Records for the exercise Block Start
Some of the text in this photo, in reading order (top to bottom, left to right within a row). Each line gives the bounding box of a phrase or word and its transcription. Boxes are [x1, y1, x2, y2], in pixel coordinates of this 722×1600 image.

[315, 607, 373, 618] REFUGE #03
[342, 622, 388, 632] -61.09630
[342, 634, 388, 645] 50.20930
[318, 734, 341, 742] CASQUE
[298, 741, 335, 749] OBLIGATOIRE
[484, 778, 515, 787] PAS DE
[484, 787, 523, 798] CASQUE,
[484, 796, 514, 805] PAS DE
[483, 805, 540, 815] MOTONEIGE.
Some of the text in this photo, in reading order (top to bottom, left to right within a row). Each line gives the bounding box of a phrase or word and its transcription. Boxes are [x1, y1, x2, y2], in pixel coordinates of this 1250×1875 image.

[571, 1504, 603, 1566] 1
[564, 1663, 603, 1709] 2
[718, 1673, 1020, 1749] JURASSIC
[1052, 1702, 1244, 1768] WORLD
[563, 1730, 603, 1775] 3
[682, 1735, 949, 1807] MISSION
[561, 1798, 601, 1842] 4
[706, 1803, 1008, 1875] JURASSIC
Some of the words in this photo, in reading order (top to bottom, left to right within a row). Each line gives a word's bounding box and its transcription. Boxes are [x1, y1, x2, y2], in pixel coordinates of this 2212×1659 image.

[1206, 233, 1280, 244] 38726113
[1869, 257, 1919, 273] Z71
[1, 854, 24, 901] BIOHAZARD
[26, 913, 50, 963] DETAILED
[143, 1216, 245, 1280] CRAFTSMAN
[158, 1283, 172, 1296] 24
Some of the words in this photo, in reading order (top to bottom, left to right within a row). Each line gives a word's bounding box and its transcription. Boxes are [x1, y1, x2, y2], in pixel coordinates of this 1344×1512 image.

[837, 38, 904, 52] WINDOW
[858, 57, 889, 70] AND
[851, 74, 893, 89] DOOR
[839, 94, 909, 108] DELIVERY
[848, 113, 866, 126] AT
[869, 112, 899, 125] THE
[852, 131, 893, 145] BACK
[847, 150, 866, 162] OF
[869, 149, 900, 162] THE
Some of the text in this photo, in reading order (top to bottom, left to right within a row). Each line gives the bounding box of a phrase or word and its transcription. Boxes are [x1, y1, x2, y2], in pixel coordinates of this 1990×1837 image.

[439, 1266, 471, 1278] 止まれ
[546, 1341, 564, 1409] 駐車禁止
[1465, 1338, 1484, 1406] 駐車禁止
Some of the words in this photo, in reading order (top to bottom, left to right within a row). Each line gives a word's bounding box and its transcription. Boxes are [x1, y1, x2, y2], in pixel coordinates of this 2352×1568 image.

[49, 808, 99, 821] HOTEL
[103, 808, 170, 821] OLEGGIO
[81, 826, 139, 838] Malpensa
Records for the exercise Block End
Starting with the line that contains "this 1990×1837 image.", restate every line up to and including the last one above, exactly.

__Solution__
Some of the text in this photo, in reading order (top to bottom, left to right within a row). Each line gives the bounding box of a phrase or word and its transcription. Boxes are [x1, y1, x2, y2], in pixel coordinates of this 1990×1837 image.

[439, 1266, 471, 1278] 止まれ
[546, 1341, 564, 1409] 駐車禁止
[1465, 1338, 1484, 1406] 駐車禁止
Some of the words in this photo, in reading order (top to bottom, left to right within a row). Each line gives a word's bounding box and its transcription. Boxes are [x1, y1, x2, y2], in pixel coordinates of this 2352×1568 image.

[49, 808, 99, 821] HOTEL
[103, 808, 170, 821] OLEGGIO
[81, 826, 139, 838] Malpensa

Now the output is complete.